Men may be particularly sensitive to the aging process in women, much more so than women in their relation to men, because of an unconscious connection between idealization of the surface of mother's body as one origin of eroticism and fear of the content of mother's body as an expression of unconscious projection onto her of primitive aggressive tendencies. This sensitivity may sexually inhibit men (and, insofar as they fear being sexually less attractive, also women) in advanced stages of their life, reactivating or reinforcing oedipal prohibitions against their sexuality. The affirmation of a couple's sexual intimacy when they are advanced in age is a last test of their sexual freedom.The common denial of sexual life in the elderly is the final edition, so to speak, of the child's efforts to deny the parents' sexuality; it is also the final edition of the parents' guilt associated with their own sexuality. Concern for the loved companion of a lifetime may become an increasingly important factor in mediating and controlling the couple's enactment of dissociated aggression.
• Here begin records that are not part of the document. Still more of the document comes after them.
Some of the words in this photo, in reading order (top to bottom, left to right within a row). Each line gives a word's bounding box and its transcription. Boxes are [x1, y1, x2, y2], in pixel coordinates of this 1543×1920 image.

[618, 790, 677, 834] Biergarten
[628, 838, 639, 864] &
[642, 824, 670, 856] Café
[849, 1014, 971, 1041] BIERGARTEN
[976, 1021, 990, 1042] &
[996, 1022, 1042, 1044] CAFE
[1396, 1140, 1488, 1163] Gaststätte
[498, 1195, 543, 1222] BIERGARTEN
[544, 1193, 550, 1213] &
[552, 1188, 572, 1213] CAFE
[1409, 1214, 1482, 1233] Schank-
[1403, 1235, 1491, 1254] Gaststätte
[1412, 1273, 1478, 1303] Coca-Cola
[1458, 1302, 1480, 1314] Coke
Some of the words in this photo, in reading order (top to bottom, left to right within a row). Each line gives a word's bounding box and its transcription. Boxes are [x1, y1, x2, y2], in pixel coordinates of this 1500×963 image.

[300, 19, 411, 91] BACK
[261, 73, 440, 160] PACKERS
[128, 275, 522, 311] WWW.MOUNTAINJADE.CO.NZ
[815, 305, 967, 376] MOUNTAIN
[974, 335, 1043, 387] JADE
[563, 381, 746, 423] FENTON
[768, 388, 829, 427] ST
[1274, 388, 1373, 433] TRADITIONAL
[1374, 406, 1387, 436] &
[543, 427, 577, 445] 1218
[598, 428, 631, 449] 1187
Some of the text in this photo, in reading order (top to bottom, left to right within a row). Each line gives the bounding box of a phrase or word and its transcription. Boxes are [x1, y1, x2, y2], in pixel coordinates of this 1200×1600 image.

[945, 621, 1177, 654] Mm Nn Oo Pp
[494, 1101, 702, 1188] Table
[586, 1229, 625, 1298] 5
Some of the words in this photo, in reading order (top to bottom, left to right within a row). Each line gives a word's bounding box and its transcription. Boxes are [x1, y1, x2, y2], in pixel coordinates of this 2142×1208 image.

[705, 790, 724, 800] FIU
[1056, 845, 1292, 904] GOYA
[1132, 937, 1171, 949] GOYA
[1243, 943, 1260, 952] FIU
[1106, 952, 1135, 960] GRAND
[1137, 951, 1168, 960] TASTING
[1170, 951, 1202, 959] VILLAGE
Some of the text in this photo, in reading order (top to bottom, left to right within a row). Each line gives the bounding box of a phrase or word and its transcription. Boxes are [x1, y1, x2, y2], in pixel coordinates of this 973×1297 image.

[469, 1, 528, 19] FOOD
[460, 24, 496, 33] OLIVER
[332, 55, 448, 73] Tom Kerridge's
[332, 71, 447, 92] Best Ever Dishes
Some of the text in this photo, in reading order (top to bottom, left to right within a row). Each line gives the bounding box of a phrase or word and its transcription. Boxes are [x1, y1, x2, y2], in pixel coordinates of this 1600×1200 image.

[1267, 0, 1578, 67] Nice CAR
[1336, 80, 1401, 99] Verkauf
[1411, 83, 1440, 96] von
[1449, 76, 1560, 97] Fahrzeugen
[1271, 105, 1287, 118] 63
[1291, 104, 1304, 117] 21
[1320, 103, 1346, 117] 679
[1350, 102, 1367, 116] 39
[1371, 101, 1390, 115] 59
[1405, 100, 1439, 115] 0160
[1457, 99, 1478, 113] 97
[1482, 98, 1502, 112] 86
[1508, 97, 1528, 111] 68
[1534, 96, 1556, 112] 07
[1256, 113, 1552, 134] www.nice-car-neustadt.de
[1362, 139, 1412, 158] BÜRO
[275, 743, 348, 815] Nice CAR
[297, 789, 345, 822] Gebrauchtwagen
The changes of power and authority related to changes in a couple's prestige, income, and other developments having to do with profession and work not only may affect the emotional equilibrium but, paradoxically, may often represent the unforeseen effects of unconsciously determined factors. A classic example is the nurse who puts her husband through medical school, secure in her role as a maternal provider while gratifying his dependency needs. When he later is a successful physician, he resents his dependency on mother and searches for a relationship in which he is the dominant father to a little girl-mistress. His wife struggles with her resentment over the loss of her maternal function for him and the unconscious resentment toward powerful men (penis envy) activated by his professional success.

Or a narcissistic man establishes a relationship with an adoring, inhibited, unsophisticated girl and stimulates her to study and work so that she can live up to his expectations for a narcissistic twinship, only to discover that her blossoming activates his deep envy of women and resentment of her independence. He subsequently devalues her, and their relationship is destroyed.

But time does not operate only destructively. The search for reactivation of past conflicts to heal wounds may be successful in that love can be maintained in spite of the violence of mutual aggression; the survival of the couple may expose the fantastic, exaggerated nature of unconscious fears surrounding repressed or dissociated aggression. To be able to attack one's partner sadistically and yet witness the survival of his or her love; to be able to experience in oneself the transition from relentless rage and devaluation to guilt, mourning, and repair—these are invaluable experiences for the couple. When sexual intimacy and pleasure incorporate the reparative efforts linked to such awareness, guilt, and concern, then sexual excitement and emotional intimacy increase, together with the couple's commitment to joint responsibility for their lives

Emotional growth implies an expanding identification with all the stages of life, bridging the boundaries that separate age groups. The accumulated experiences of a shared life include mourning the loss of one's parents, of one's youth, of a growing past left behind, of a future becoming remorselessly restricted. A joint life becomes the repository of love, a powerful force that provides continuity in the face of the discontinuities of daily existence.

In later life, faithfulness to the other becomes faithfulness to the internal world. 

Awareness of boundaries, acceptance of one’s own aggression, and the ability to integrate it into loving relationships open the path toward mature intimacy—where care is not a sign of weakness, and closeness is not a threat to one’s sense of self.